Your consultant's opinion maybe a reflection on where they see you in terms of the impact of your comorbidity on prognosis. You do have every right to ask that question of them. Your original markers were high and so with it, BCR was distinct, but your treating Physician should have gone through that scenario with you at the time of your primary treatment.
Thus you should evaluate your need to know. For some they would rather smell the roses and let nature take it's course. For others knowledge is their empowerment to direct treatment structure. If you are of the latter view, then a CT with contrast of the pelvic, abdo and thoracic cavities would be a good starting point essentially looking for bulky mets. PSMA is more definitive for smaller mets.
I texted the Oncology Nurses on Tuesday, setting out my position as above. One phoned me yesterday, Wednesday. (I often miss calls when out cycling but luckily was having a breather sat by the River!)
I gained a little more insight into the Consultant's thinking (the nurse was at our meeting).
She agreed that she could ask the Consultant about 1. my starting hormone treatment now and/or 2. my having CT and bone scans ( which is what would have been on offer, rather than PSMA PET, a year or so ago). Had my PSA been in the 20s upwards then Consultant would probably have gone with 2. in order to save time because spread etc large enough to "find" with the lesser technology. At 2.9, need the most accurate and sensitive investigation possible in order to determine most appropriate treatment options. The source COULD still be within the prostate.
I think that makes sense!
The PSMA waiting time is national - few NHS centres have the capability and the few private sector facilities face the same problems in obtaining the raw, radioactive, materials.

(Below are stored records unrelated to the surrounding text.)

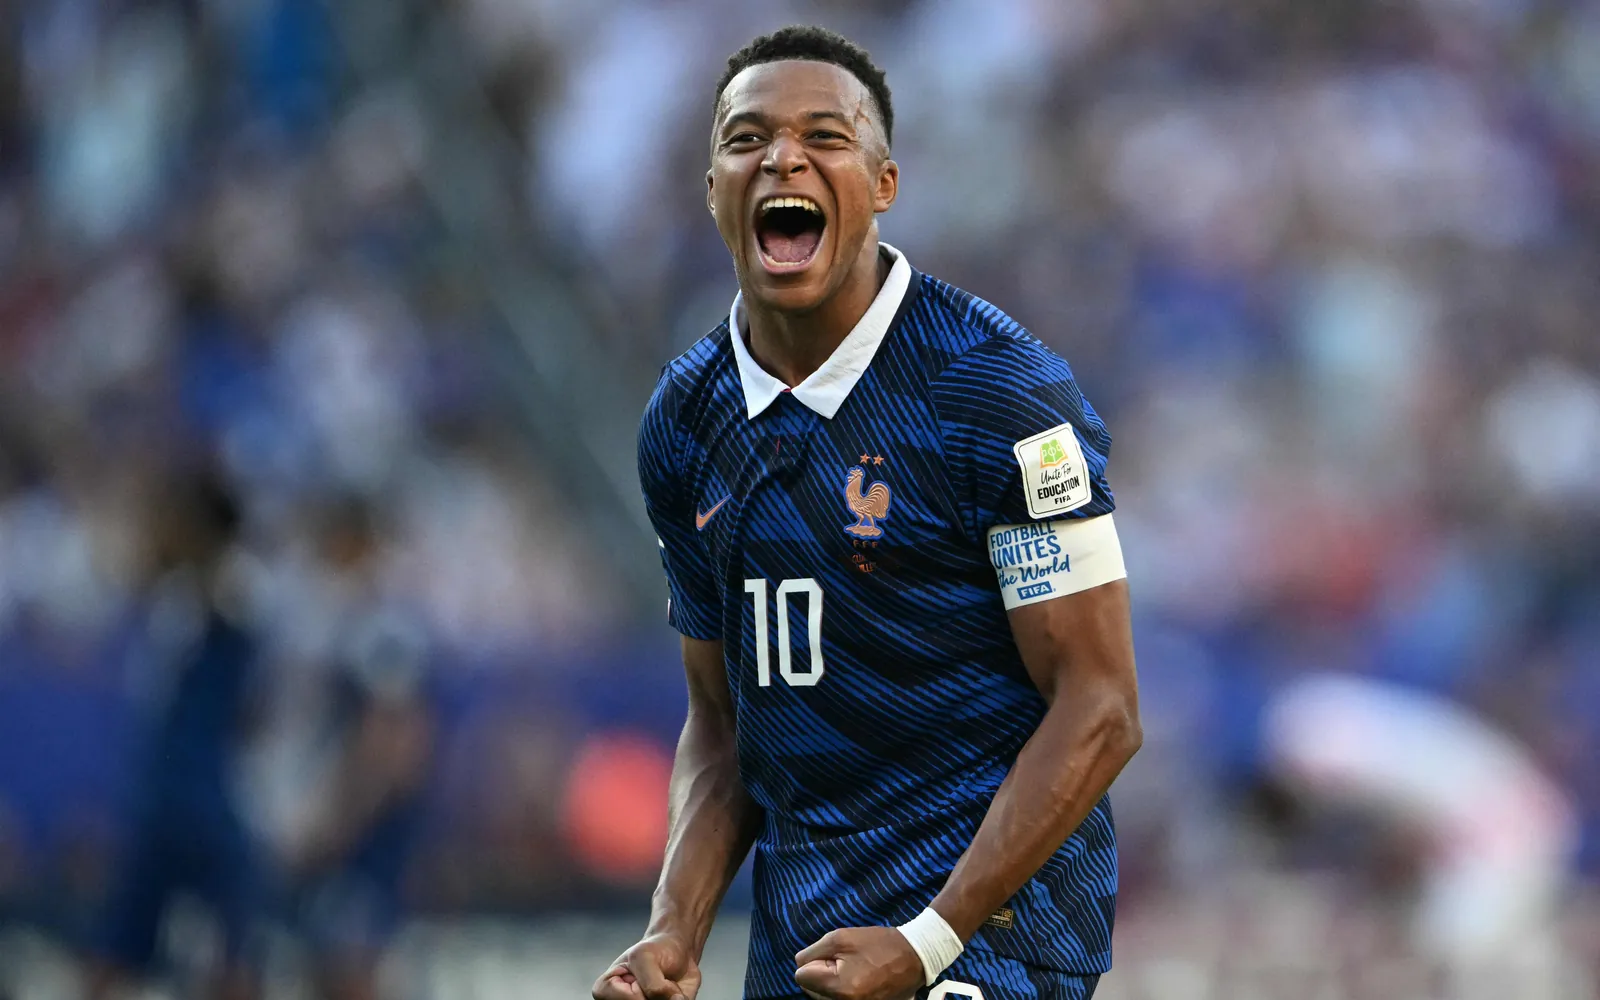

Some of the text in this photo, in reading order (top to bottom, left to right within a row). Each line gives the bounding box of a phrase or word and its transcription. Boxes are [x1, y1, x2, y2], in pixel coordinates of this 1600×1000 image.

[1037, 475, 1080, 499] EDUCATION
[1041, 468, 1061, 485] Unite
[1054, 494, 1071, 504] FIFA
[990, 521, 1056, 549] FOOTBALL
[992, 535, 1061, 569] UNITES
[998, 554, 1071, 588] the World
[1020, 583, 1051, 598] FIFA
[744, 578, 824, 687] 10

The Consultant worked on a wait time of 8-10 weeks in setting our next meeting. Given the increasing pressures on NHS, especially PC as a result of heightened awareness, I personally doubt even 10 weeks, but that is outwith my hospital's control.
The Nurse did not consider that the delay would shorten my life expectancy! (Nor do I - more likely to be under the wheels of a road raging SUV when I cycle on roads!)
She also briefly touched on potential treatment options. Some I will not countenance and she agreed that most likely outcome is hormone treatment (which might buy me a couple of years of an acceptable quality of life - enough for me).
She was good enough to answer my "what would you do?" (accepting her caveat that she doesn't have a prostate!). She said "wait for PSMA". Good enough for me, she's been in her specialist role for at least 4 years and such folk tend to be more forthright than Doctors.
I doubt I'll secure a cancellation, still having a life I can't always answer my mobile so might well miss out even if I get the call!
An aside, but I do find that looking fit, healthy, definitely not obese and obviously exercising a lot is a drawback - "not much wrong with you for your age!" Even my brain still works!
Got a lot of social and other stuff, including my g.f.'s health, on at moment so put the PC disappointment to the back of my mind. Have a short holiday within a few hours of getting to hospital IF a cancellation!
Onward to inevitable departure!
World affairs may of course get us all first.....
Dave.
PS litigation? No. It's a system thing, not any individuals.